In den Jahren nach dem Zweiten Weltkrieg gab es verschiedene Ansätze zur Vereinigung Westeuropas. Mehrfach, namentlich unter britischem Einfluß, wurde versucht, hierbei die Landwirtschaft auszuschließen und lediglich eine industrielle Zollunion zu errichten. Frankreich hat sich mit Blick auf die Zukunft gegen dieses Verfahren stets gewehrt. Man erkannte in Paris, daß der industriellen Konkurrenzfähigkeit in einer europäischen Zollunion entgegenstand, daß die französische Volkswirtschaft und Politik die enormen Lasten aus einer zahlenmäßig starken, wirtschaftlich im Durchschnitt schlecht gestellten Landwirtschaft mitzuschleppen hatten: Viele unzufriedene Bauern als innenpolitische Hypothek; daraus der Zwang, zur Erhöhung des Pro-Kopf-Einkommens die Zahl der Landwirte durch Abwanderung in andere Berufe zu senken — Schaffung neuer Arbeitsplätze und Umschulung bzw. Umsiedlung. Es galt, diese Situation grundlegend zu korrigieren. Dazu boten sich zwei Mittel an: zunächst die Einbeziehung mit dem Ziel, Frankreich zur Kornkammer der Europäischen Gemeinschaft zu machen, des weiteren die Errichtung eines agrarpolitisehen, gemeinschaftlichen Systems, das den besser gestellten Partnern als Gegenleistung für die reichliche Aufnahme von deren Industrieexporten in Frankreich einen Teil der Lasten überträgt, die sich aus der Sanierung des französischen Bauernstandes ergeben. Dies im Zeichen europäischer Solidarität, die genauso umgekehrt funktioniert: hohe industrielle Exporte in die übrigen Gemeinschaftsländer sichern heute in der Bundesrepublik Millionen von Arbeitsplätzen.

Die Logik agrarpolitischer Solidarität wurde mit dem Verfahren vollendet, das die Hergabe aller mit der Einfuhr von landwirtschaftlichen Produkten aus nicht zur EG gehörigen Drittländern bei den Mitgliedstaaten anfallenden „Abschöpfungs" -Einnahmen an den „Ausrichtungs-und Garantiefonds für die Landwirtschaft“ (EAGFL) vorschreibt: Wenn ein EG-Land in erster Linie europäische Nahrungsmittel konsumiert, zahlt es weniger in den Agrarfonds ein, aus dem die EG-Bauern subventioniert werden.
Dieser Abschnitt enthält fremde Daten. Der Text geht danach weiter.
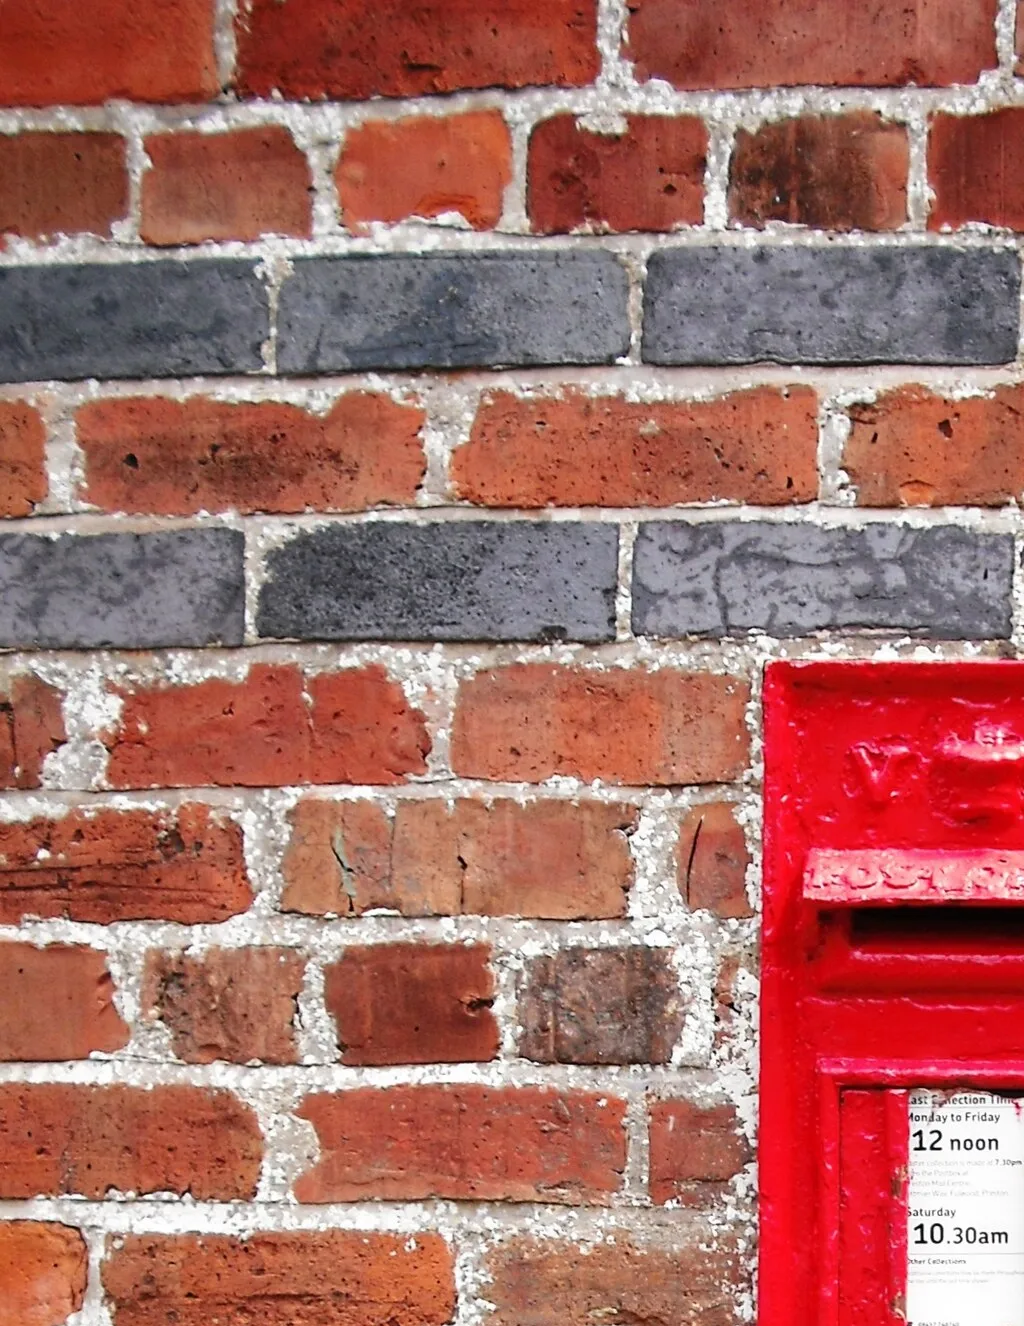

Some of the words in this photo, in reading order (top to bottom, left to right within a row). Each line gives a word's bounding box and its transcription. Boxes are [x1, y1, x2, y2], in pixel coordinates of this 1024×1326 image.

[907, 1094, 928, 1106] ast
[951, 1112, 962, 1122] to
[965, 1111, 1001, 1124] Friday
[911, 1130, 943, 1151] 12
[950, 1137, 999, 1151] noon
[995, 1159, 1023, 1168] 7.30pm
[907, 1207, 956, 1219] Saturday
[913, 1223, 1009, 1244] 10.30am
[927, 1257, 967, 1265] Collections
Dafür stützt es jene Landwirte durch den Kauf ihrer Erzeugnisse. Zieht ein Mitgliedstaat dagegen die Importe aus Drittländern vor, steigen automatisch die Zahlungen nach Brüssel — also erhöhen sich die Mittel, die zur Förderung der europäischen Bauern benützt werden.

II. Die Marktorganisationen

Insgesamt sind rund 90 Prozent der EG-Agrarproduktion durch 19 gemeinsame Marktordnungen erfaßt. Alle haben das gleiche Ziel:

— gemeinsamer Außenschutz auf der Basis der Liberalisierung durch Anwenden des Gemeinsamen Zolltarifs, in der Mehrzahl der Fälle ersetzt oder ergänzt durch die erwähnten „Abschöpfungen".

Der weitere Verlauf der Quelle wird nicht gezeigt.